My father loved women. I knew that. Especially if they had pretty faces like this one. From the corner of the bar, my back to the wall, I
could see him charming her, getting her to talk. Our beers came and I sipped mine and thought about bringing him his but didn’t want to interrupt him. I knew he was just flirting with her anyway. He and his new girlfriend were planning to move in together, and just that day Pop had found an apartment for them across from the campus.
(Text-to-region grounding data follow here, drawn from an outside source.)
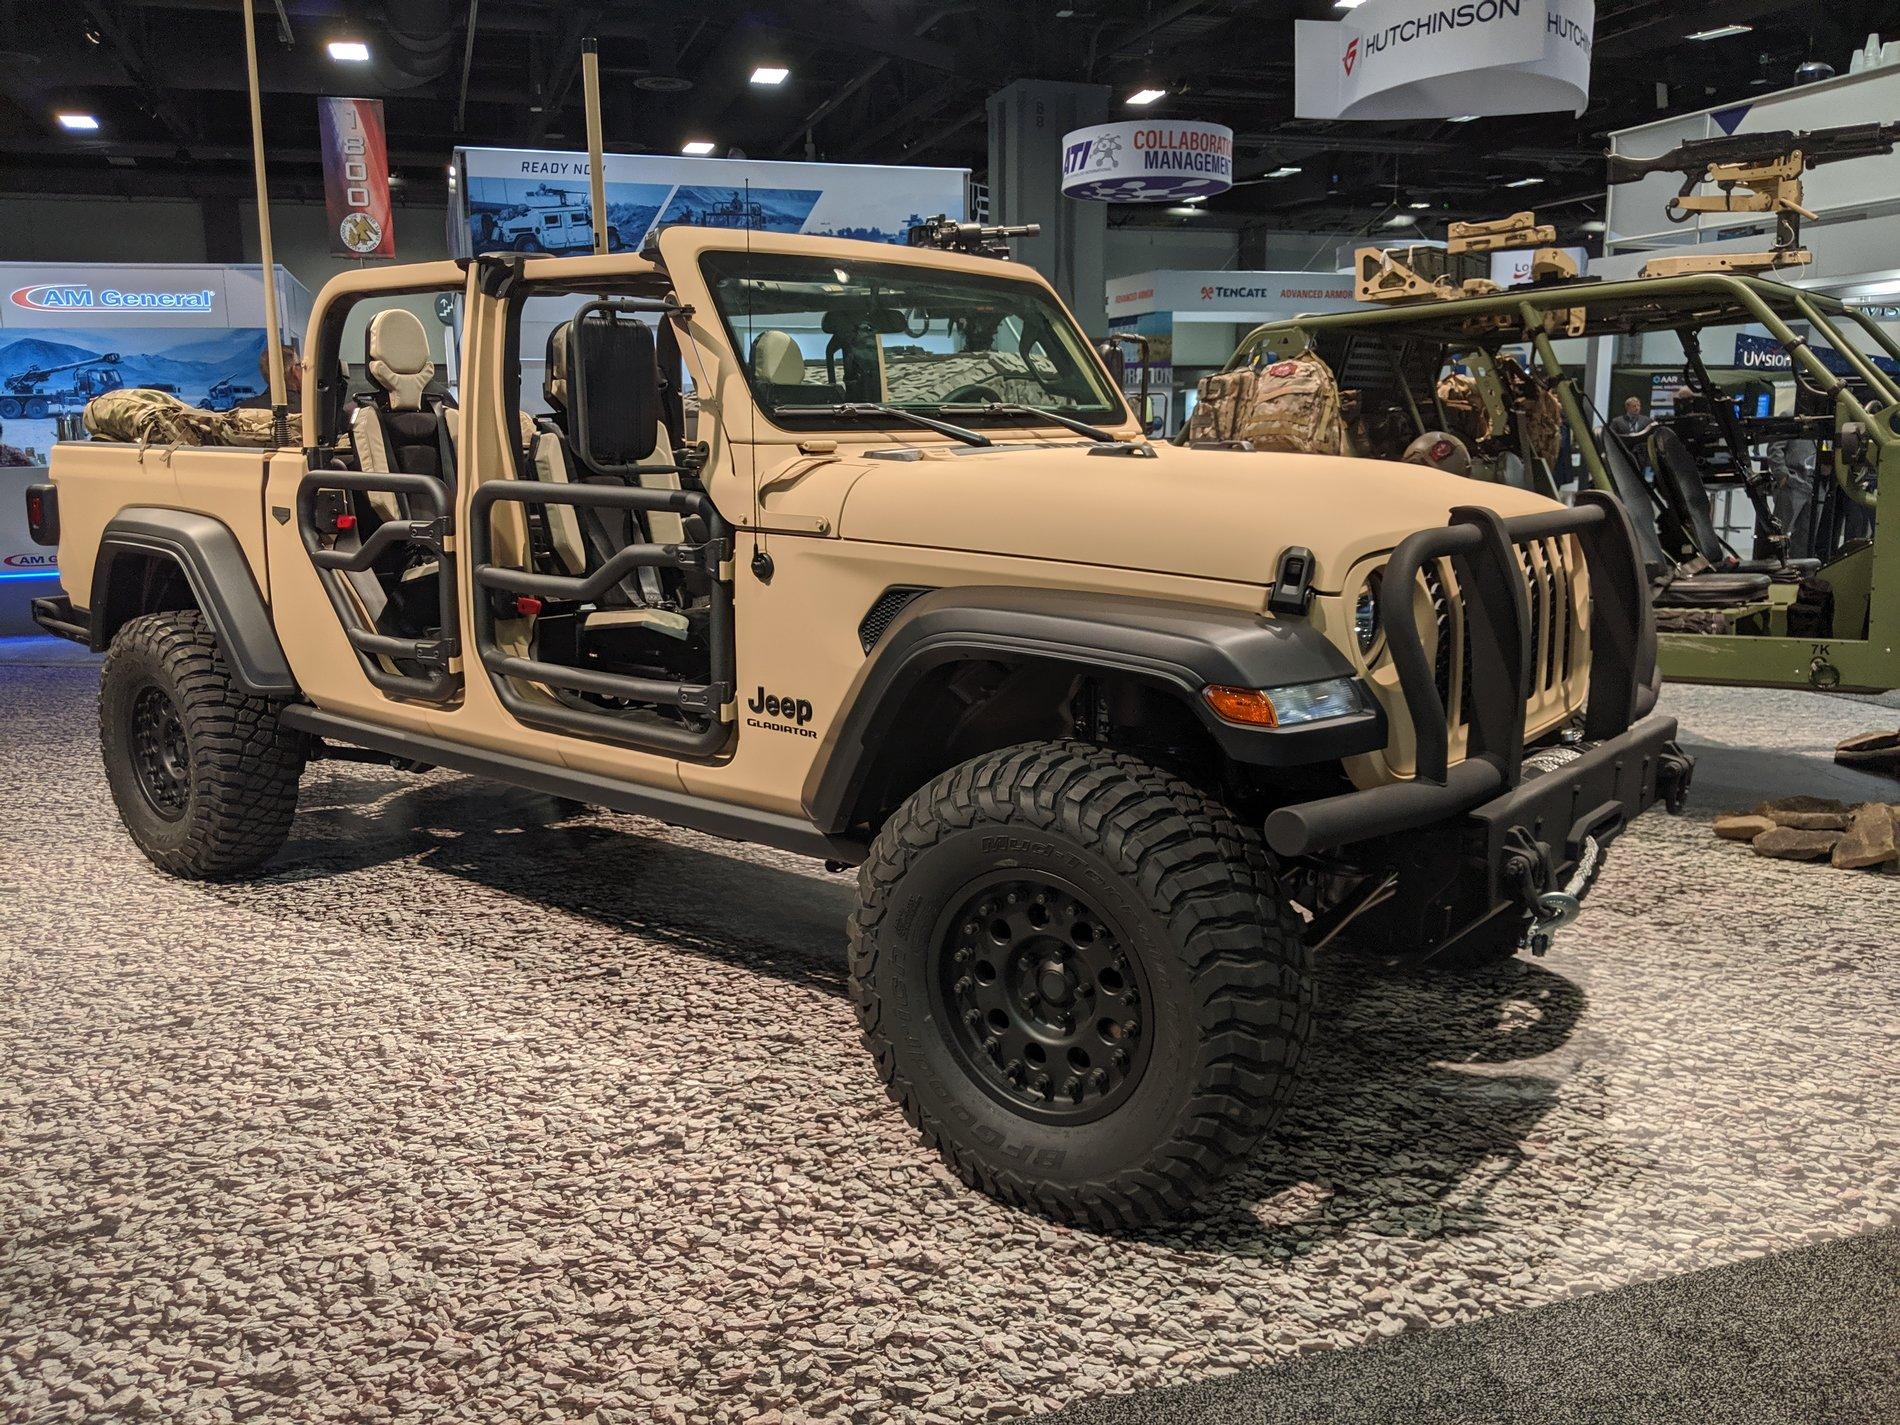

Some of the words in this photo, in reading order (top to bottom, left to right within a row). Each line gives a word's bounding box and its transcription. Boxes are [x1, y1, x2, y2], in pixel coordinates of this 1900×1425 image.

[1365, 0, 1520, 58] HUTCHINSON
[344, 110, 370, 207] 1800
[521, 161, 569, 174] READY
[573, 163, 606, 175] NO
[42, 289, 94, 307] AM
[1280, 289, 1323, 299] ADVANCED
[1660, 375, 1679, 384] AAR
[20, 556, 45, 565] AM
[1811, 644, 1830, 655] 7K
[748, 686, 813, 726] Jeep
[747, 718, 818, 739] GLADIATOR
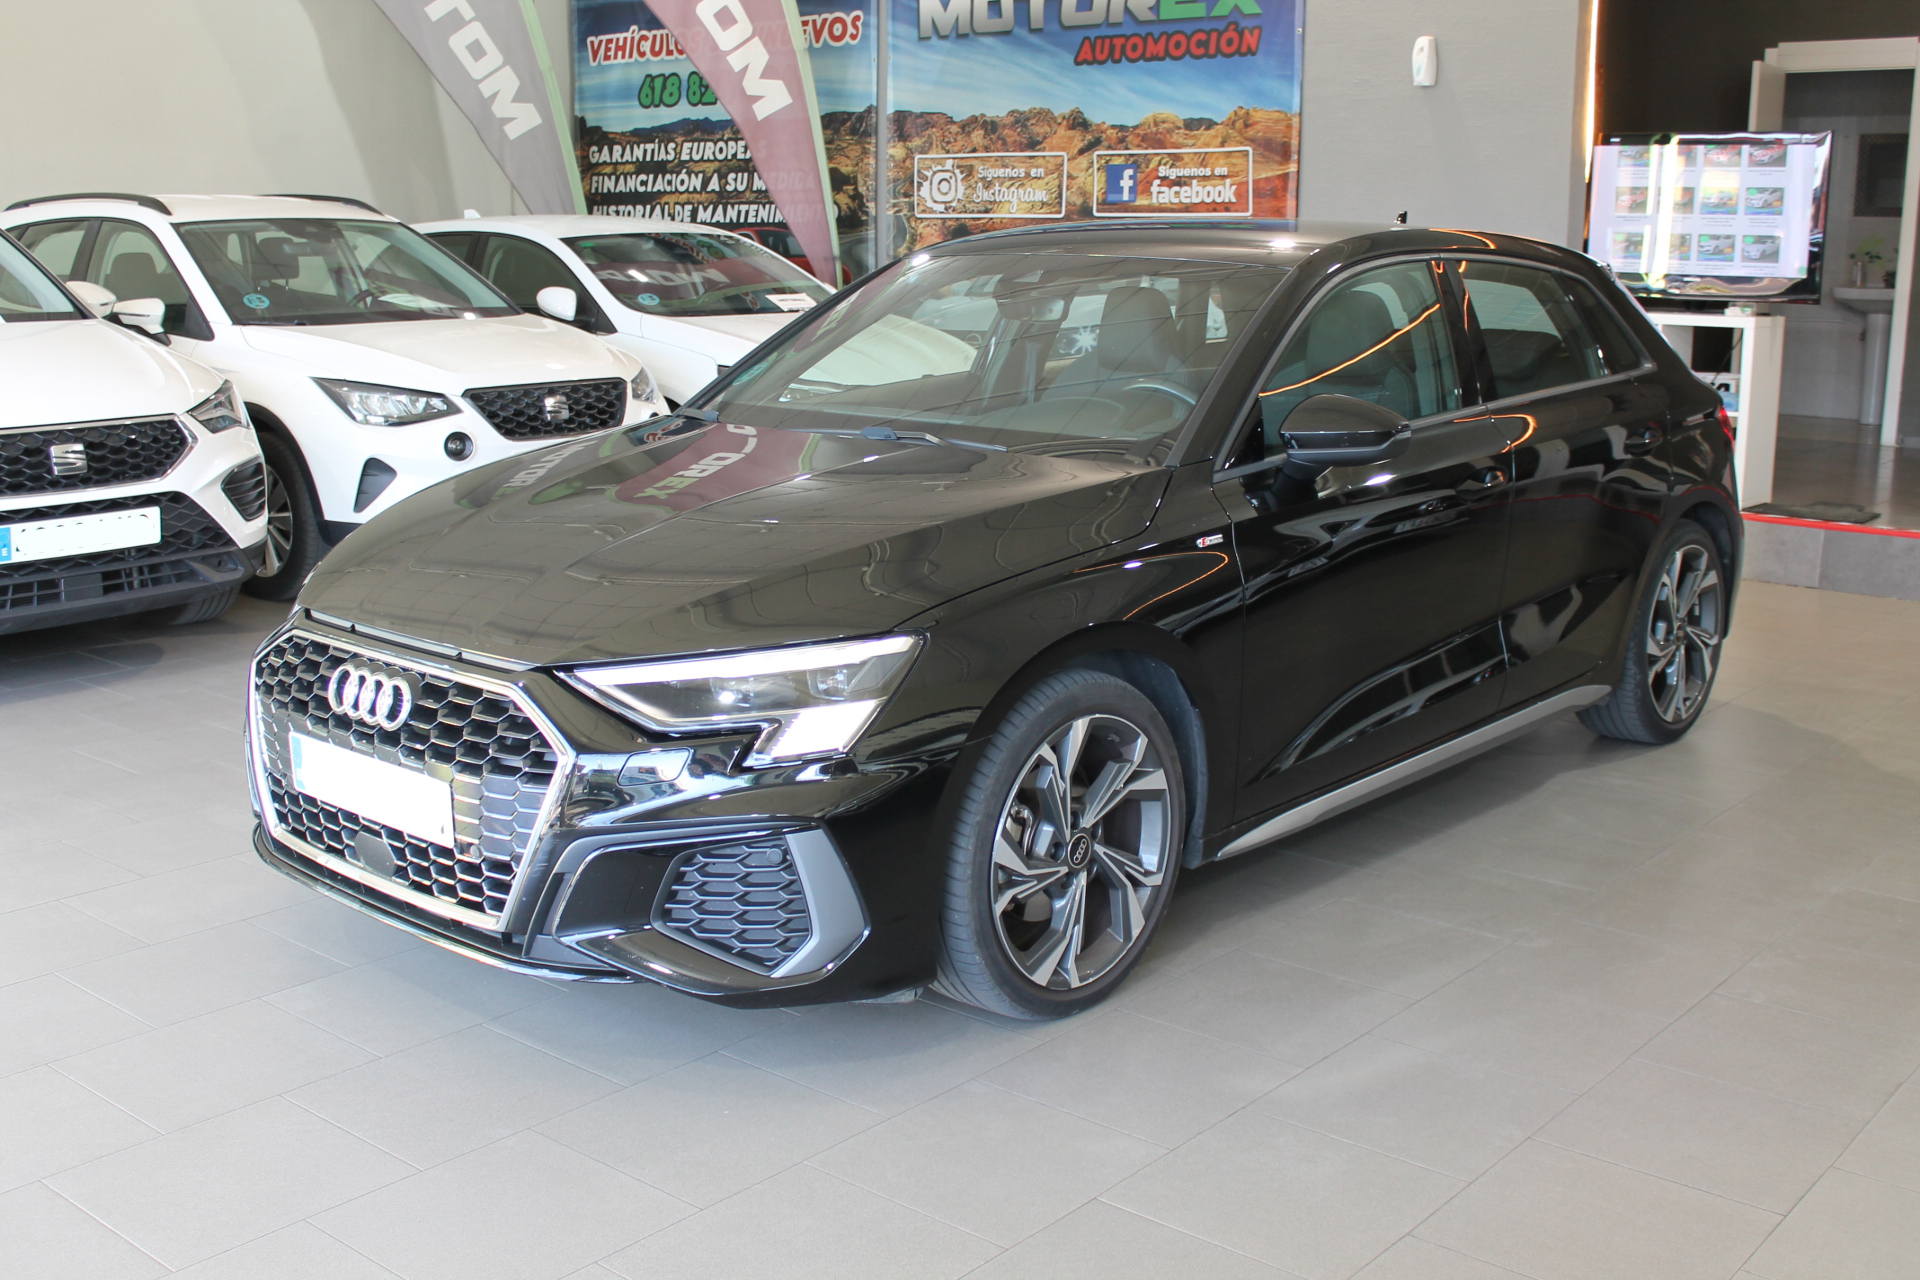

It was a quiet night, the place only half full, most of the crowd in the restaurant side. Every few minutes the front door would open and someone would come in, but since going to Lynch’s home turf and seeing him on the stool next to his cane, I wasn’t worried about him or his brother or cousins anymore. That fight was done. It was time to move on, a feeling I’d been getting more and more lately, this pull to get out of this town and go far, far away. I was eighteen, and what was there to do here but go to bars like this where I stood or sat with my back to the wall, scanning the room for trouble, scanning the room for another chance to prove myself to myself. There was the Iranian girl I loved, but I could only see her at her family’s apartment, and she seemed just mildly interested in me anyway. There were more Iranian students on campus now, some of them rich and handsome. They drove sports cars and wore gold bracelets and French cologne, tennis clothes in warm weather, and I could see how comfortable she was with them all in the smoke room or walking across campus or laughing together in the student union, speaking in their mother tongue.
Pop came around the corner of the bar, his cheeks flushed. “Her fucking husband left her there.”
“Left who?”
“Her.” He pointed to the woman in the white dress. “She’s been there for an hour and he’s sitting in the restaurant with his fucking friends. An hour, son.”